Minister of Commerce and Industry
- In office August 1993 – 17 November 1993
- Head of State: Ernest Shonekan

Personal details
- Born: 28 September 1936
- Died: 3 December 2016 (aged 80) Lagos, Nigeria
- Alma mater: University of London
- Occupation: Politician; accountant; banker;

= Bola Kuforiji-Olubi =

Nigerian politician, accountant and banker (1936–2016)

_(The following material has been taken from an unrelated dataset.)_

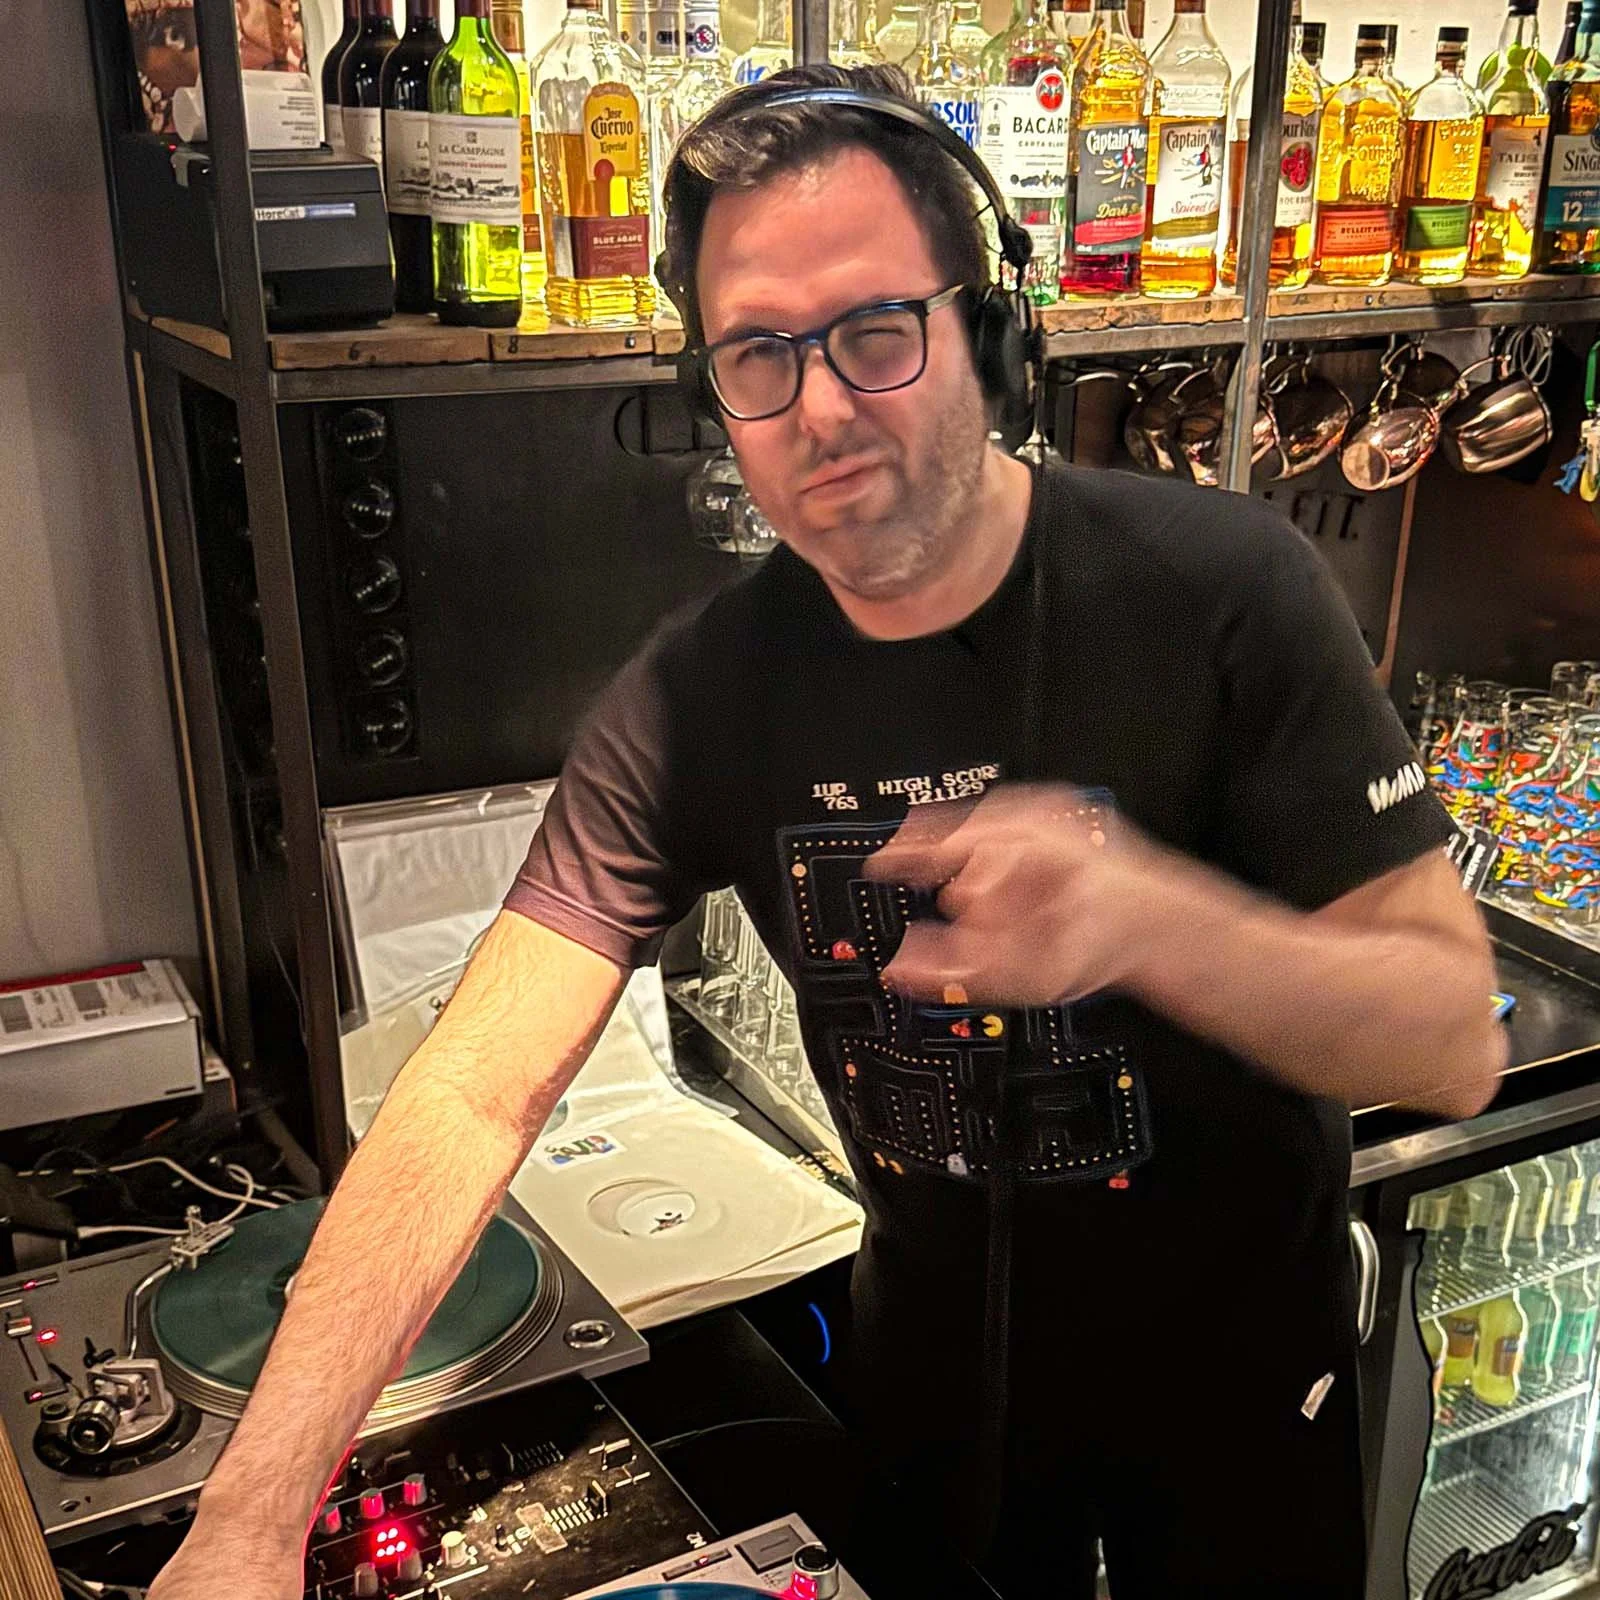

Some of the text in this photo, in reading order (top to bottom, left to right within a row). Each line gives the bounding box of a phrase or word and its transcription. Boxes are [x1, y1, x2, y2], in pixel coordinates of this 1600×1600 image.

Chief Bola Kuforiji-Olubi (28 September 1936 – 3 December 2016) was a Nigerian traditional aristocrat, accountant, banker and politician. She was minister of commerce and industry in 1993 during the Interim National Government of Chief Ernest Shonekan. In addition to a variety of other chieftaincy titles, she held that of the Otunba Ayora of Ijebu Ode.

==Life==
===Education and memberships===
Kuforiji-Olubi Bola was born on 28 September 1936. Bola Kuforiji-Olubi graduated from the University of London in 1963 with B. Sc. honors in Economics. She started her profession as a Grade Two (II) Teacher at Zawan Girls Catholic Primary School, Jos, Plateau State, and she became headmistress in 1955 at age 19. During her subsequent career, she became a fellow of the Institute of Charted Accountants, England and Wales in 1977, ICAN Nigeria in 1976, and the British Chartered Institute of company secretaries (ACIS) in 1964. She was also a member of both the Nigerian Institute of Management (FMIN) and the British Institute of Directors.

===Honours===
Kuforiji-Olubi was a recipient of the following honors and awards:
- Doctor of Business Administration from Enugu State University of Science and Technology, 1997
- Doctor of Laws, LLD honoris causa (Latin: "for the sake of the honor"). Bayero University, Kano, 2004
- Doctor of letters (Honoris Causa), Olabisi Onabanjo University, Ago Iwoye, Ogun State, 2006.
- The National award of member of the Order of the Niger in 1979 for her contributions to management education and socio-economic advancement of Nigeria
- The certificate of merit by the United Nations Decade for Women in 1980
- The award for excellence from the University of Benn's Skonit Club in 1988
- The position of Honorary Grammarian of the CMS by the CMS grammar school in 1988
- The award of excellence by the Brigade of Nigeria in 1992
- The international award of excellence for outstanding entrepreneurial achievements, Massachusetts Institute of Technology, Cambridge, Massachusetts, United States.
- A recipient of the 2002 conferment award for a woman of achievement under the auspices of the Woman Development Centre, Abuja, 2005.

===Positions held===
Kuforiji-Olubi served in various capacities both locally and internationally. She was the 25th president of the Institute of Chartered Accountants of Nigeria and the first female to become president of the Institute; while she was in office, she launched an Accounting Technicians Course.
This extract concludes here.